2. Geological Background

The Songliao Basin is a large-scale Mesozoic-Cenozoic composite sedimentary basin with a faulted depression double structure, which has developed the Sanzhao depression, Qijia-Gulong depression, Heiyupao depression, Changyuan anticline, Mingshui terrace, Chaoyanggou anticline, and other multiple tectonic units. The Sanzhao depression is located in the middle-eastern part of the Songliao Basin, and the middle-shallow exploration strata above 2000 meters are developed with the Fuyang oil layer (FY), Gaotaizi oil layer (G), Putaohua oil layer (P), Saertu oil layer (S), and other sets of oil-bearing layers from bottom to top, and the main source rock is the high-quality dark rock of the Qingshankou Formation (K2qn). The structural diagram of the Songliao Basin is shown in Figure 1. During the Quantou Formation period when the Fuyang oil layer was developed, the Sanzhao depression has the sedimentary characteristics of multiple sources and multiple water catchment centers. As a whole, it was dominated by delta front and plain deposits. The river is small in scale and changeable in direction, with the average width being generally less than 800 meters, the thickness of the sand body is thin, and the average thickness of a single sand body is generally less than 4 meters. The overlying Qing 1st member source rock has a relatively high abundance of organic matter, mainly type I kerogen, with an average organic carbon of 3.14% and the average of chloroform bitumen A of 0.62%. The average of total hydrocarbons is up to 4290×106ppm, and the average value of the sum of S1 and S2 is as high as 29.27 mg/g. Under the influence of compression and overturning of multiple tectonic stresses, the top surface of the Quantou Formation has a complex structure with alternating uplifts and depressions and developed nearly 4000 dense faults; the average length is less than 2 km, the vertical fault distance is distributed in 20 to 60 meter, and the direction is mainly north-north-west and north-north-east. Exploration practice has confirmed that the Fuyang oil layer has relatively poor physical properties, with porosity generally ranging from 8% to 12% and permeability ranging from 0.2 to 1.2 mD, which was dominated by fault-lithologic reservoirs. In the past three years, nearly 150 million tons of tight oil reserves have been submitted, demonstrating good exploration potential.

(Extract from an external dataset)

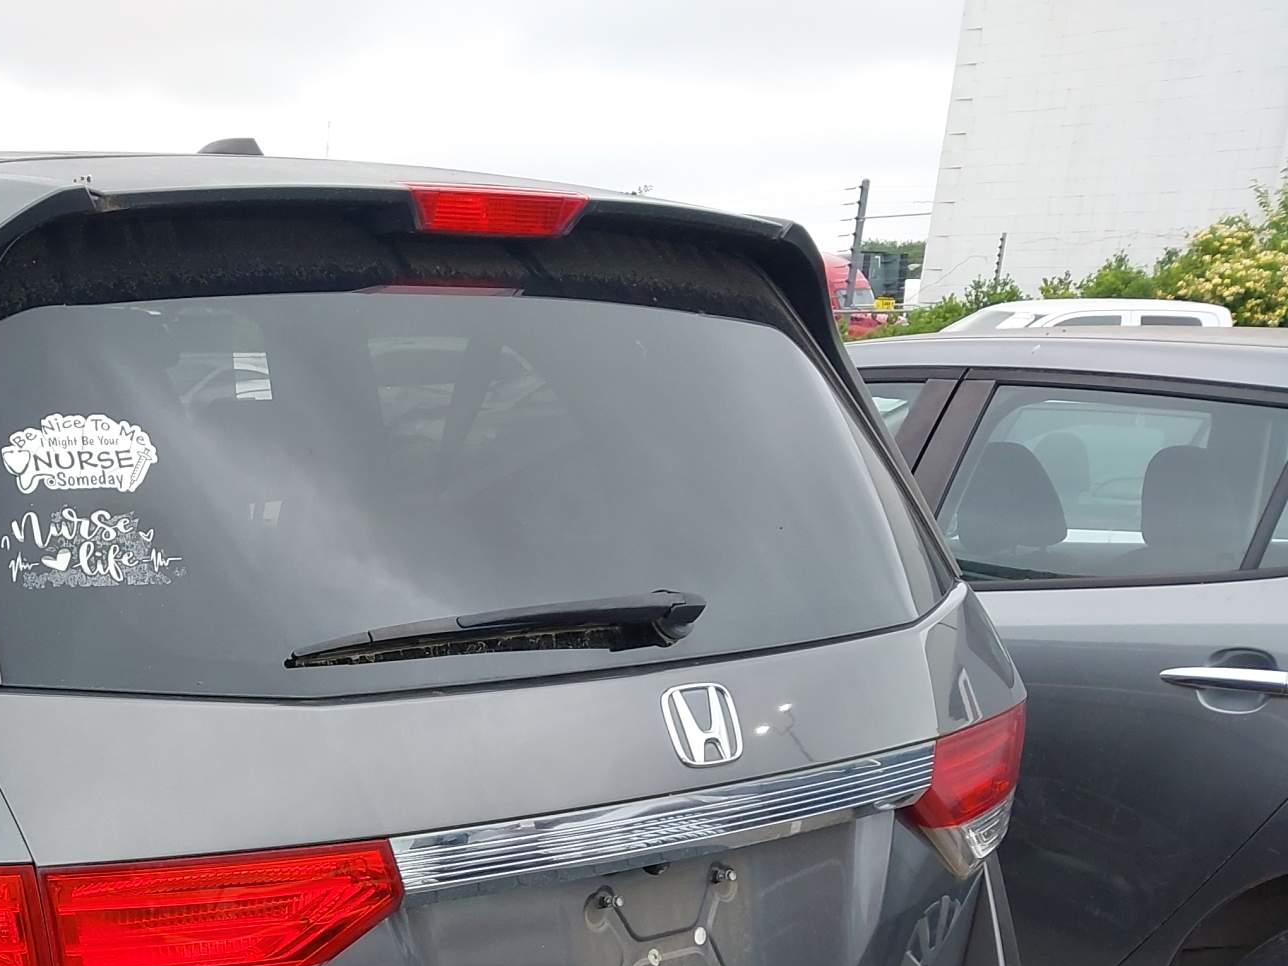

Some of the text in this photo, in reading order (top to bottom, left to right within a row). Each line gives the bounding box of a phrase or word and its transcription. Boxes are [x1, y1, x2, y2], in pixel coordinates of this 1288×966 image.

3. Lithological Features of the Reservoir

3.1. Rock Types and Composition Characteristics

The lithology of the Fuyu oil layer mainly includes fine sandstone, siltstone, silt-bearing fine sandstone, rare medium-fine sandstone, and medium sandstone. The rock types are mainly feldspar lithic sandstone and lithic feldspar sandstone. Quartz content distribution is in the range of 16.06% to 64.29%, with an average of 28.2%, and feldspar content ranges from 16.28% to 53.45%, with an average of 34.22%. The content of lithic fragment is from 3.45% to 57.89%, with an average of 37.59%, mainly igneous rock cutting, followed by metamorphic rock cuttings, containing a small amount of sedimentary rock cuttings. The type of cement is mainly carbonate, clay mineral, and siliceous, and the carbonate is mainly calcite, with the content distribution range of 1.0% to 55.0%, with the average value of 9.99%. The clay mineral content in descending order is illite with an average of 3.35%, kaolinite with an average of 0.14%, and siliceous cement ranging from 1.0% to 5.0%, with an average of 2.3%.

3.2. Rock Fabric

The Fuyu oil layer is mostly fine sandstone with an average content of 52.61%, followed by siltstone with an average content of 46.26%. The maturity of the sandstone structure is moderate, and the particles experienced mostly point-line contact, followed by line contact, accompanied by a small amount of bump contact and suture line contact. The main types of cementation are porous type, contact type, mosaic type, and base type (Figure 2).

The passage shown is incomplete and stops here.